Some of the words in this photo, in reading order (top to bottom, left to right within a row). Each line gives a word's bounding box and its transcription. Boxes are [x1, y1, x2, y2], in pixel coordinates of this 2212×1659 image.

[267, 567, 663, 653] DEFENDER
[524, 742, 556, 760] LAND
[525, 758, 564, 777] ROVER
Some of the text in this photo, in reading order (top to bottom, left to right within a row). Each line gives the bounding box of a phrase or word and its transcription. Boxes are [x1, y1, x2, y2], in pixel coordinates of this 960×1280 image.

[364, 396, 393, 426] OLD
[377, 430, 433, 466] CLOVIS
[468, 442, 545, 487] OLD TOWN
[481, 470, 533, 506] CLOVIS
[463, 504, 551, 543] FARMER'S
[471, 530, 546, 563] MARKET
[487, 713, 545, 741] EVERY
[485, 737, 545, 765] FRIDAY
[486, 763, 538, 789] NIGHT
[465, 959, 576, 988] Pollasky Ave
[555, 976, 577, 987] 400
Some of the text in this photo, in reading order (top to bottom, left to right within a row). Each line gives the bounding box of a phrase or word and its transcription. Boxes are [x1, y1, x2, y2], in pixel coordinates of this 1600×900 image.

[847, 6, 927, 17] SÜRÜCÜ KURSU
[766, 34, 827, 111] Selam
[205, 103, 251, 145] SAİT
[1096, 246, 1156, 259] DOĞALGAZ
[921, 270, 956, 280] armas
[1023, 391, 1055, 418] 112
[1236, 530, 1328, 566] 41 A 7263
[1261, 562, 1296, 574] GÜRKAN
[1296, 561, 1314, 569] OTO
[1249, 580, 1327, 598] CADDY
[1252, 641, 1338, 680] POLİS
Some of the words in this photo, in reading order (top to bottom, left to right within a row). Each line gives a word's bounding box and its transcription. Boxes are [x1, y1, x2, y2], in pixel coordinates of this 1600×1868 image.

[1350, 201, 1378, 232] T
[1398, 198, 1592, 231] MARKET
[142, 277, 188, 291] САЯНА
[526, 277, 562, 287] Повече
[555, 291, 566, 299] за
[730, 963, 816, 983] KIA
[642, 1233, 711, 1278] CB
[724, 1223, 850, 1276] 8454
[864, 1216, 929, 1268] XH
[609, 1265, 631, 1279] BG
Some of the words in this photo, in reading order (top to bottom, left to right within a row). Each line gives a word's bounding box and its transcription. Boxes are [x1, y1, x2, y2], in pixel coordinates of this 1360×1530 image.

——————————

■ **TASK BRIEF**
Copy every line that appears above, with each word kept as it is.

■ **RESPONSE AREA**
Some of the words in this photo, in reading order (top to bottom, left to right within a row). Each line gives a word's bounding box and its transcription. Boxes are [x1, y1, x2, y2], in pixel coordinates of this 2212×1659 image.

[267, 567, 663, 653] DEFENDER
[524, 742, 556, 760] LAND
[525, 758, 564, 777] ROVER
Some of the text in this photo, in reading order (top to bottom, left to right within a row). Each line gives the bounding box of a phrase or word and its transcription. Boxes are [x1, y1, x2, y2], in pixel coordinates of this 960×1280 image.

[364, 396, 393, 426] OLD
[377, 430, 433, 466] CLOVIS
[468, 442, 545, 487] OLD TOWN
[481, 470, 533, 506] CLOVIS
[463, 504, 551, 543] FARMER'S
[471, 530, 546, 563] MARKET
[487, 713, 545, 741] EVERY
[485, 737, 545, 765] FRIDAY
[486, 763, 538, 789] NIGHT
[465, 959, 576, 988] Pollasky Ave
[555, 976, 577, 987] 400
Some of the text in this photo, in reading order (top to bottom, left to right within a row). Each line gives the bounding box of a phrase or word and its transcription. Boxes are [x1, y1, x2, y2], in pixel coordinates of this 1600×900 image.

[847, 6, 927, 17] SÜRÜCÜ KURSU
[766, 34, 827, 111] Selam
[205, 103, 251, 145] SAİT
[1096, 246, 1156, 259] DOĞALGAZ
[921, 270, 956, 280] armas
[1023, 391, 1055, 418] 112
[1236, 530, 1328, 566] 41 A 7263
[1261, 562, 1296, 574] GÜRKAN
[1296, 561, 1314, 569] OTO
[1249, 580, 1327, 598] CADDY
[1252, 641, 1338, 680] POLİS
Some of the words in this photo, in reading order (top to bottom, left to right within a row). Each line gives a word's bounding box and its transcription. Boxes are [x1, y1, x2, y2], in pixel coordinates of this 1600×1868 image.

[1350, 201, 1378, 232] T
[1398, 198, 1592, 231] MARKET
[142, 277, 188, 291] САЯНА
[526, 277, 562, 287] Повече
[555, 291, 566, 299] за
[730, 963, 816, 983] KIA
[642, 1233, 711, 1278] CB
[724, 1223, 850, 1276] 8454
[864, 1216, 929, 1268] XH
[609, 1265, 631, 1279] BG
Some of the words in this photo, in reading order (top to bottom, left to right within a row). Each line gives a word's bounding box and its transcription. Boxes are [x1, y1, x2, y2], in pixel coordinates of this 1360×1530 image.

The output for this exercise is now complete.